Despite extensive search operations by naval and commercial ships from England, France and the Channel Islands, Powell and the balloon were never seen again. No doubt George Usborne, in common with other educated and technically-minded citizens in Queenstown, would have kept abreast of these developments as reported in the English and Irish press.

Early Life in Queenstown

In 1880, George was appointed to the Queenstown Coastguard and served there for three years. Then, in December 1883, he joined Cork Harbour Board as Deputy Harbour Master, becoming Pilot Master in 1893 and eventually Harbour Master in 1922. He was Honorary Secretary of the lifeboat management committee for forty years. The May 1920 Lifeboat Journal reported that on:

‘20 April 1920, Admiral Sir Reginald Tupper, KCB, Commander-in-Chief Western Approaches, presented to Captain Usborne the Thanks of the Committee Management inscribed on Vellum, and the Silver Inkstand which had been awarded to him for his services during thirty-six years as Honorary Secretary of the Queenstown Station, which has now been closed.’

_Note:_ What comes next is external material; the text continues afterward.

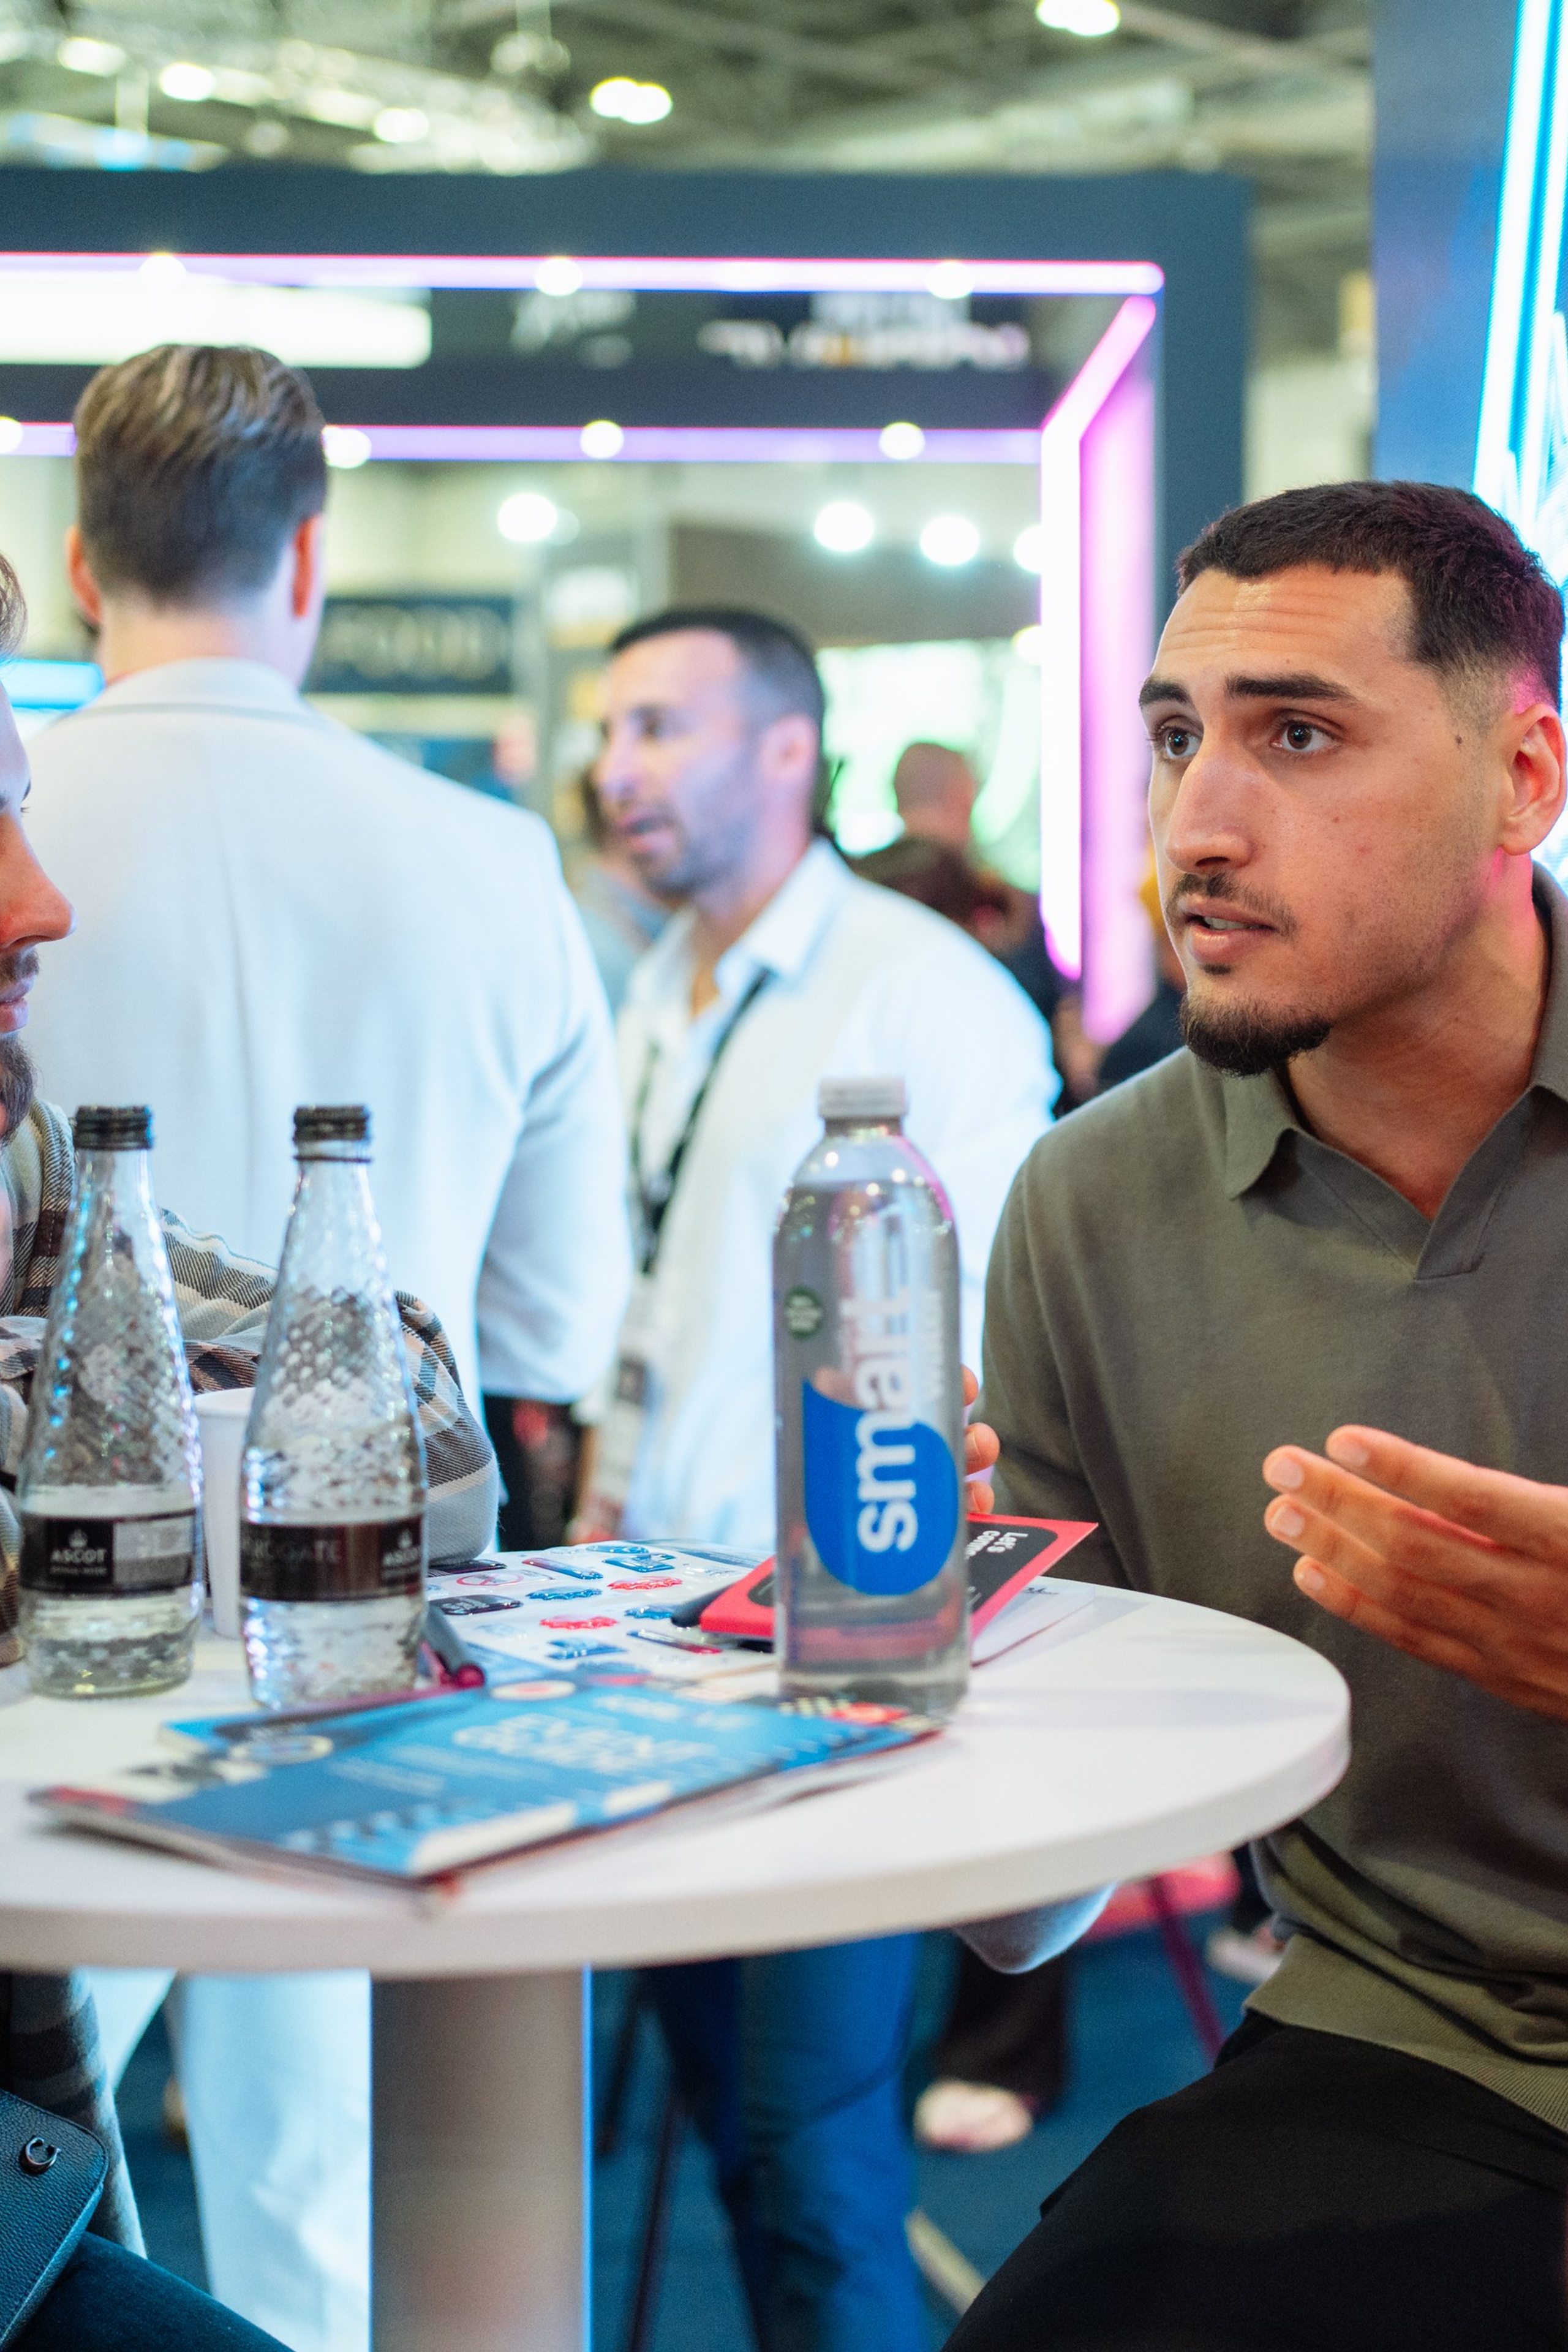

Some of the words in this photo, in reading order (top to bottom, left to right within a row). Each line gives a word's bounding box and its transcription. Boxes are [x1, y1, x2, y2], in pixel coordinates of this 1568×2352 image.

He retired from his position as harbour master in May 1925 owing to ill health and died two months later. His obituaries in the Irish press praised his long career of public service and noted that he had carried out his work with the Irish Times to his usual high standard, commenting favourably upon his, ‘utmost zeal and efficiency’, and the Cork Examiner recording that he was, ‘a very upright and kindly gentleman, who made innumerable friends amongst those who had the pleasure of his cultured and refined acquaintance’. George Usborne was very proud of his years of service in what he regarded as the safest harbour in the United Kingdom at all times. He recalled that he had seen the largest ocean steamers of nearly every line flying the British flag enter and leave the harbour at all stages of the tide, in all weathers, both day and night, and had never known a casualty occur, except through carelessness or some grave error of judgement.

The Cork Harbour Board meets on 10 October 1917, Captain George Usborne is seated in the centre of the photograph, in uniform. (Port of Cork)

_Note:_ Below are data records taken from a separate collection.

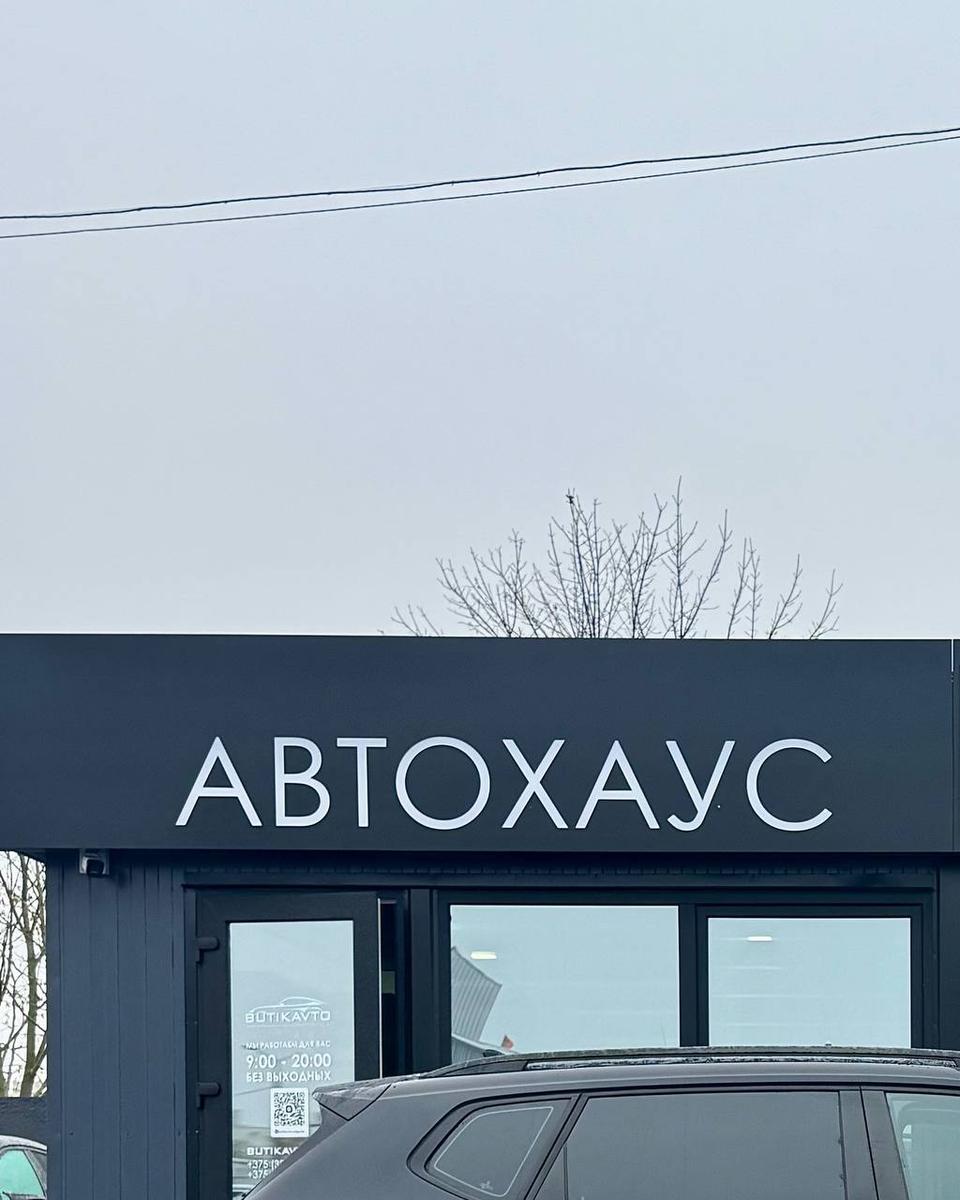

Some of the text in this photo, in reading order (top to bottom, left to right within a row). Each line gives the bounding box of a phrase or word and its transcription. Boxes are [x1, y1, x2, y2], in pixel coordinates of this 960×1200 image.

[175, 736, 834, 832] АВТОХАУС
[245, 1010, 331, 1023] BUTIKAVTO
[246, 1054, 277, 1069] 9:00
[291, 1053, 332, 1068] 20:00
[246, 1070, 332, 1083] БЕЗ ВЫХОДНЫХ
[247, 1146, 299, 1156] BUTIKAV

John Gilbert, Patrick’s Quay, Cork, 1886. Watercolour on paper 21 x 31cm. Crawford Art Gallery, Cork.

Rear Admiral C.V. Usborne.

Neville had two older brothers. Philip Osbert Gordon was born on 27 February 1879, in Folkestone. He was a Royal Engineer and later Director of Public Works in Uganda. He died in 1915 in Calcutta. Then there was Cecil Vivian, born on 17 May 1880, in Queenstown, who preceded Neville into the Royal Navy. He specialised in gunnery, and later in mine warfare, inventing the apparatus which led to the introduction of Paravane mine protection. During the Dardanelles campaign he took a flight to inspect the minefield laid in the narrow waters and was shot down by an over-enthusiastic British gunner – luckily without injury. He was promoted to captain in 1917; he was senior British officer at Salonika and later commanded the Naval Brigade on the Danube. He held a succession of staff appointments and important commands, including the battleships Malaya and Resolution after the war, and rose to the rank of vice admiral before he retired in 1933. He was recalled for service in World War Two and retired once more in 1945. Cecil died in January 1951. His obituary in The Times prompted a letter from a former companion in arms, who wrote as GOS and who praised the elder Usborne’s drive, persuasive manner, energy, ingenuity, sympathy and good administration.31

In the 1880s and 1890s, during the period when Neville and his brothers were growing up, Queenstown was prospering as never before or since. It was the terminus for the main railway line from Dublin. The transatlantic liners called, going and coming to deliver and pick up passengers and mail, and the harbour was full of sailing ships inward bound from China, India, Australia and New Zealand. Life for the professional classes in Queenstown in the 1880s and 1890s was more leisured and pleasant than at any time since. The children of such families were always privately educated. The Usborne family lived at Dunlea, and later at Carndonagh. Neville’s niece, Vivian Mary, later recalled:

‘I remember the sirens of the huge liners hooting as they left port, when, aged three or four, I went to stay in the house on the hill overlooking the harbour.’32

The Esplanade, Cobh, formerly Queenstown. (via Allen Crosbie)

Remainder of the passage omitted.